Alpine native appointed to interim seat on state’s Public Utility Commission

TEXAS – Late last week, Governor Greg Abbott appointed Alpine native Lori Cobos to serve out an unexpired term on the Public Utility Commission, an agency that oversees state utilities like electricity, water, wastewater and telecommunications. The PUC also oversees the Electric Reliability Council of Texas, a nonprofit responsible for the state’s electric grid operations.

Cobos received her law degree from Texas Tech University, her undergraduate and masters degrees from Sul Ross State University and grew up in Alpine, attending the local schools. Cobos is a government and utilities lawyer who was previously appointed by Governor Abbott as the head of the Office of Public Utilities Counsel two years ago.
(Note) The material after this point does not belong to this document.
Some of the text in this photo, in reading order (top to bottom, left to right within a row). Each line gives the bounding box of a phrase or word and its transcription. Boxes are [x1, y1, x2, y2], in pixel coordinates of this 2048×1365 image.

That office represents consumers in utility proceedings, which gave Cobos experience and deeper knowledge of the PUC.

She has also worked in senior positions of the PUC, advising two commissioners, acting as assistant counsel to the executive director, working as senior policy analyst in the policy development division and serving as in-house counsel to ERCOT.
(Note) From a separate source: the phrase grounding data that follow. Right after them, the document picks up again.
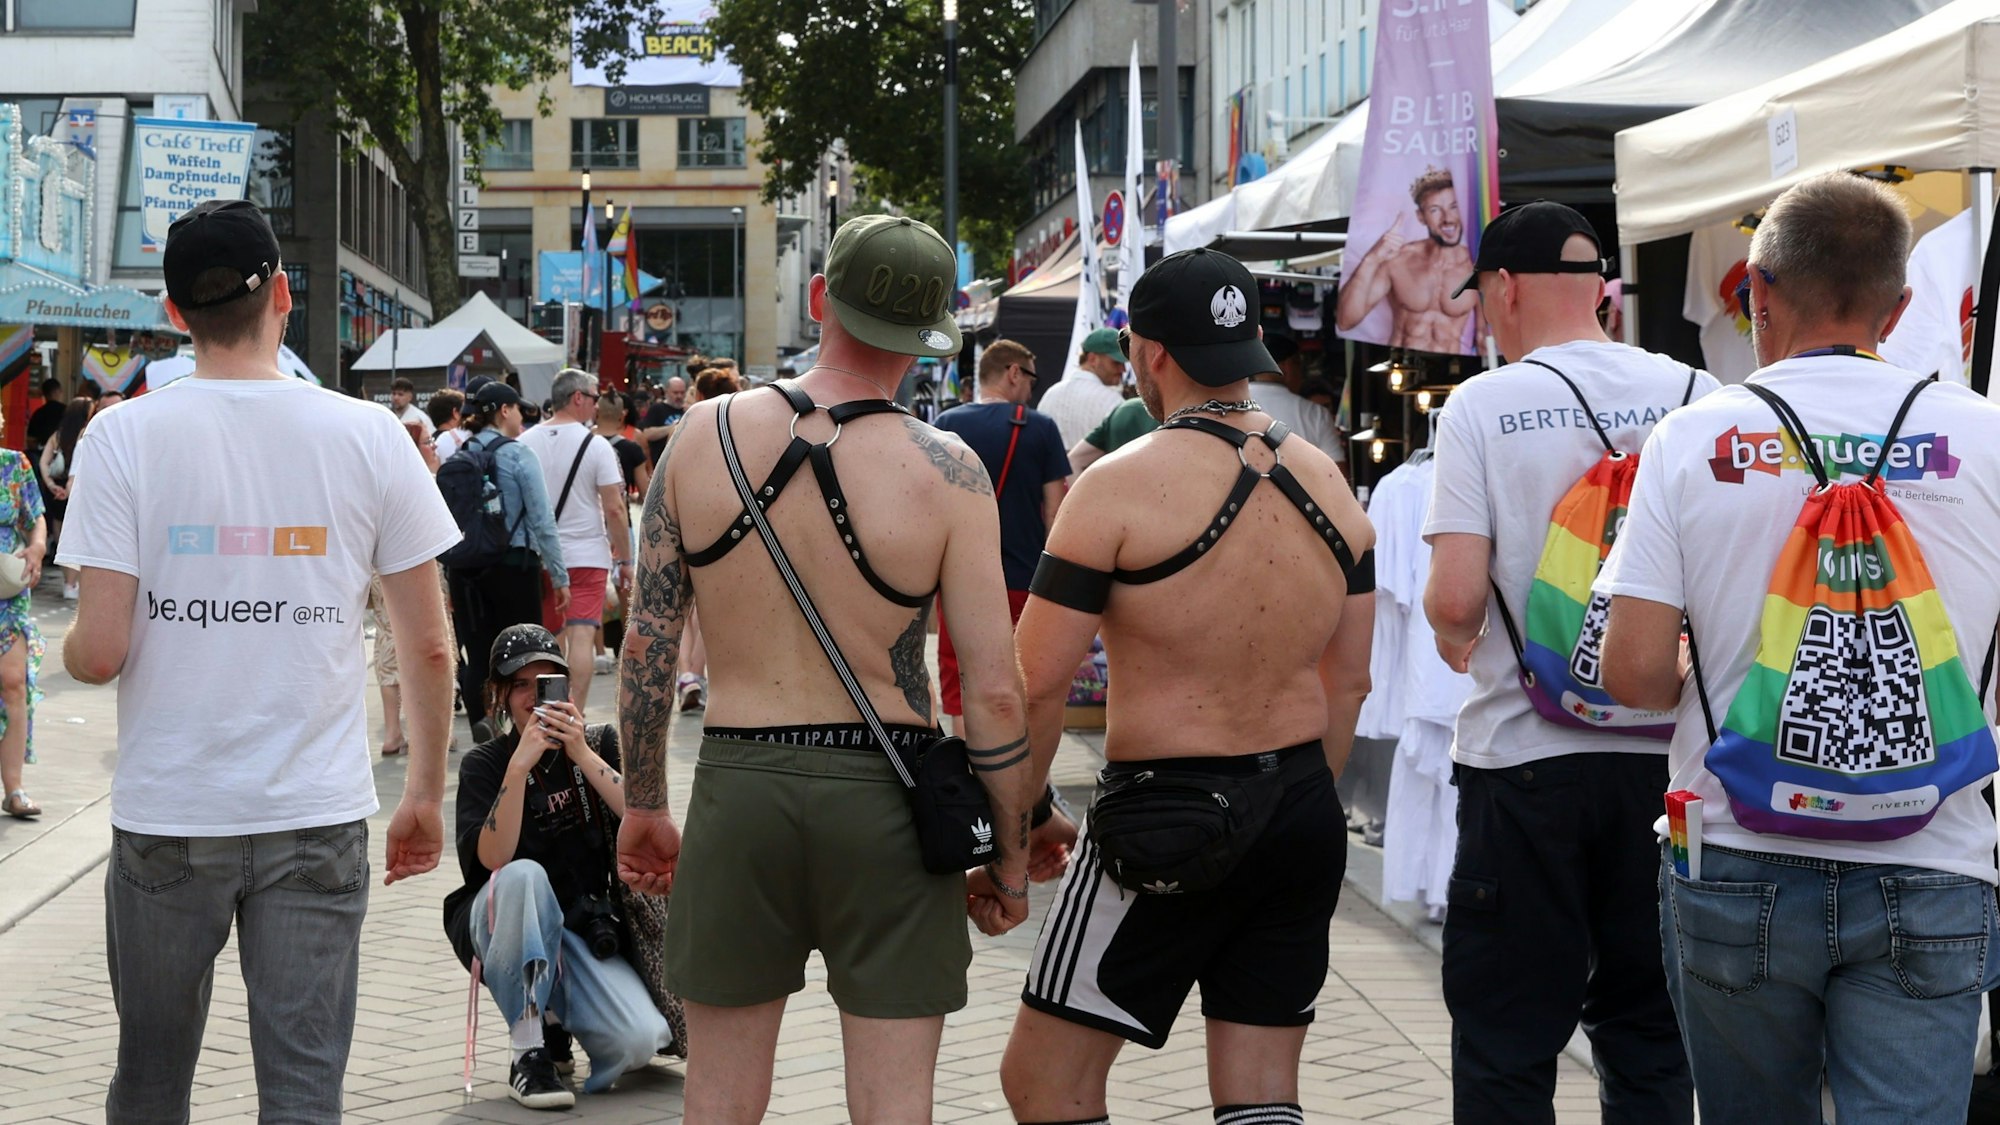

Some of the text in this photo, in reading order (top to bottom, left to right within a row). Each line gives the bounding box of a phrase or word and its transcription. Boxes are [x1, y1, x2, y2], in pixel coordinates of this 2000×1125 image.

[629, 93, 704, 104] HOLMES PLACE
[1390, 91, 1475, 126] BLEIB
[145, 133, 244, 153] Café Treff
[1382, 126, 1479, 156] SAUBER
[1775, 120, 1791, 147] G23
[167, 153, 221, 169] Waffeln
[144, 167, 241, 185] Dampfnudeln
[168, 183, 217, 199] Crêpes
[144, 196, 198, 211] Pfannk
[865, 264, 944, 318] 020
[26, 299, 131, 320] Pfannkuchen
[1730, 434, 1932, 470] be.queer
[1892, 489, 1902, 498] at
[1905, 490, 1964, 505] Bertelsmann
[148, 591, 345, 629] be.queer @RTL
[572, 765, 584, 785] EOS
[578, 786, 592, 823] DIGITAL
[972, 843, 993, 855] adidas
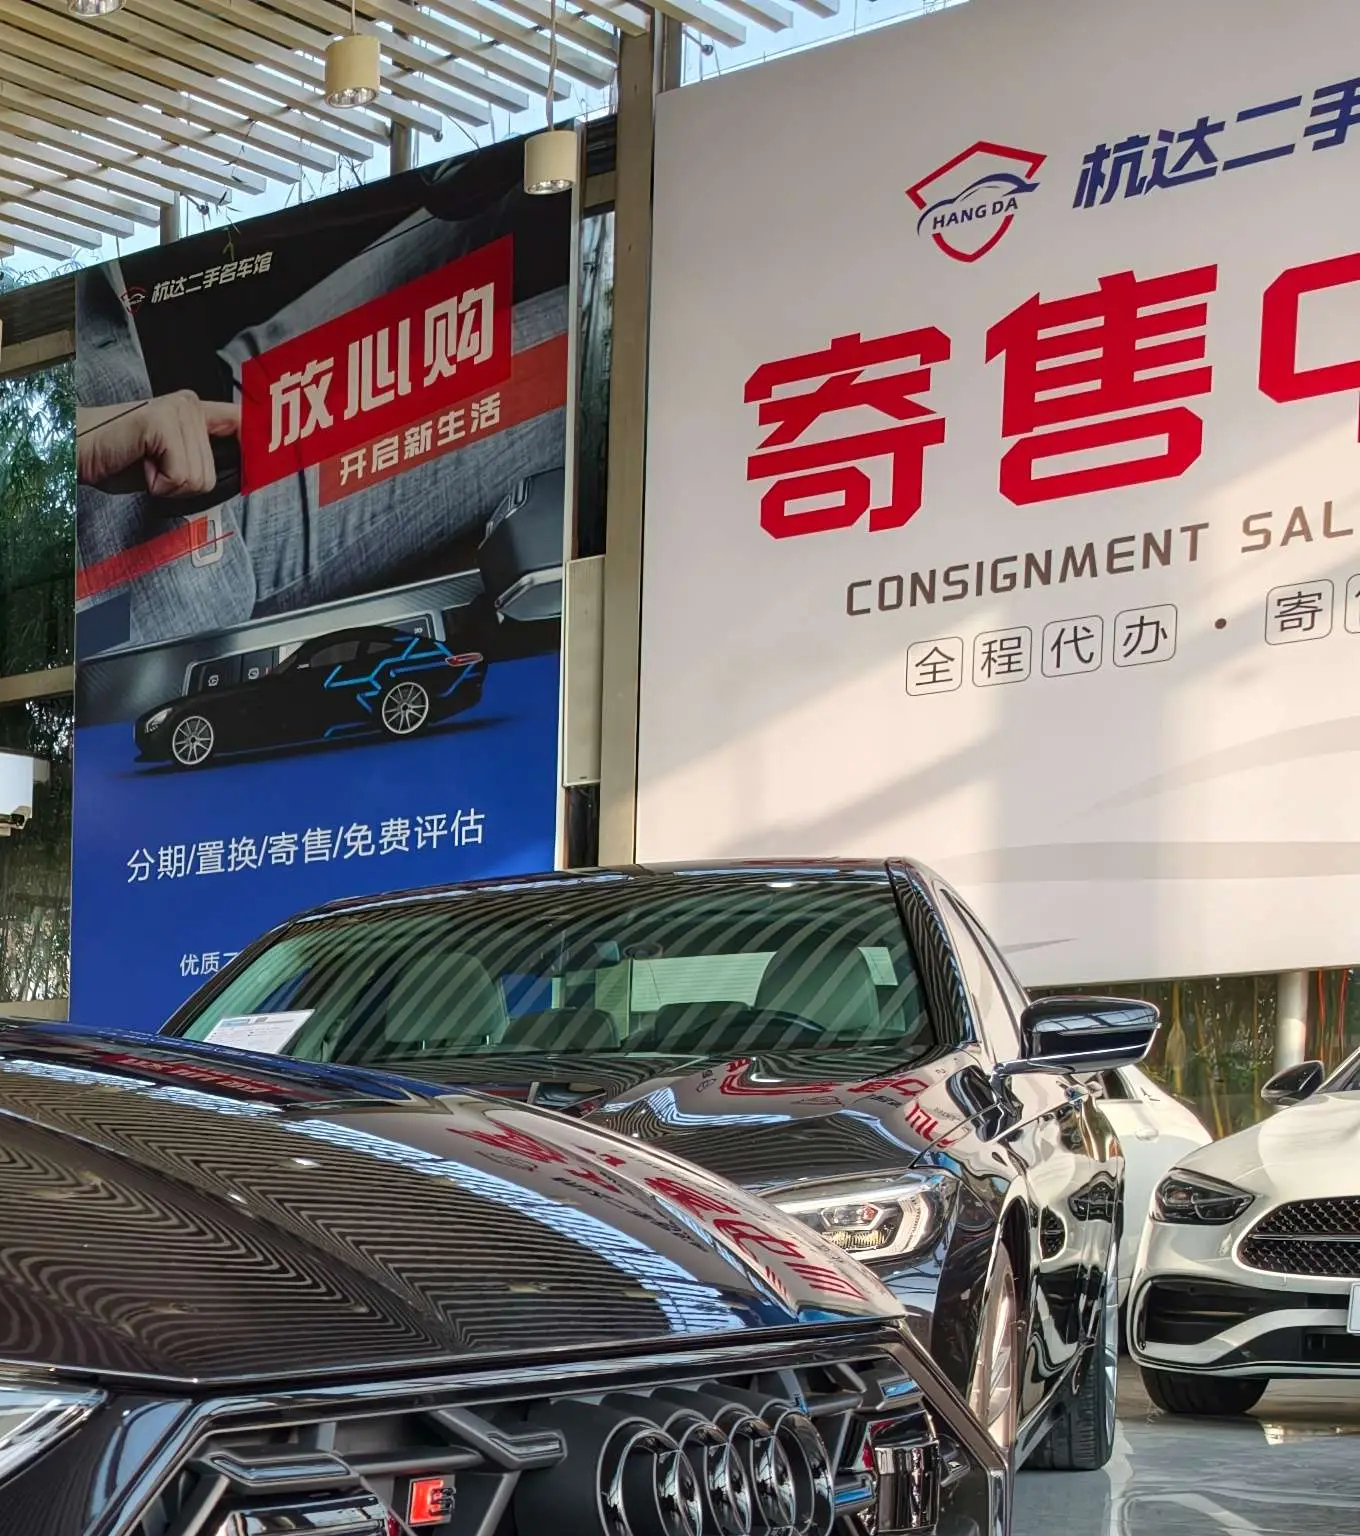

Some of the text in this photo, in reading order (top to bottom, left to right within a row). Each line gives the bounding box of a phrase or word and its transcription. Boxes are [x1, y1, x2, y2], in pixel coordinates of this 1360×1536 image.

[1072, 77, 1360, 209] 杭达二手
[932, 197, 1019, 231] HANG DA
[151, 252, 273, 304] 杭达二手名车馆
[268, 281, 496, 453] 放心购
[339, 392, 501, 486] 开启新生活
[846, 501, 1354, 617] CONSIGNMENT SAL
[914, 615, 1168, 688] 全程代办
[126, 808, 486, 884] 分期/置换/寄售/免费评估
She is joining the PUC at a time where both Texas and its grid operators are under fire for a second time this year. Last week, ERCOT advised the public to reduce usage to avoid another potential widespread power outage as temperatures soared across the state and the grid saw record-breaking demand for electricity. The regulators drew ire from the public when they advised Texans to turn off their lights, ovens and washing machines and set their thermostats to 78 degrees or higher, even as temperatures hit triple digits.

The PUC and ERCOT previously faced criticism in February, when Winter Storm Uri stressed the Texas grid and led to statewide power outages that caused more than 100 deaths. That incident caused PUC chairwoman DeAnn Walker to resign, and Cobos is now filling out Walker’s term.

Walker wrote in her resignation, “The interests of many people and companies contributed to the situation we faced in the devastating storm,” pointing to the roles the gas companies, Railroad Commission, electric generators, the transmission and distribution utilities, electric cooperatives, municipally owned utilities, ERCOT and the Legislature played in not properly preparing contingency plans for winter storm events.

After the resignations of every PUC-member in the wake of the February winter storm, Cobos is among the new faces selected to pick up the pieces. Currently there are three seats on the PUC, though a legislative bill awaiting the governor’s signature could add two more. Cobos term will last until September 1, at which point the governor will choose whether to re-appoint her.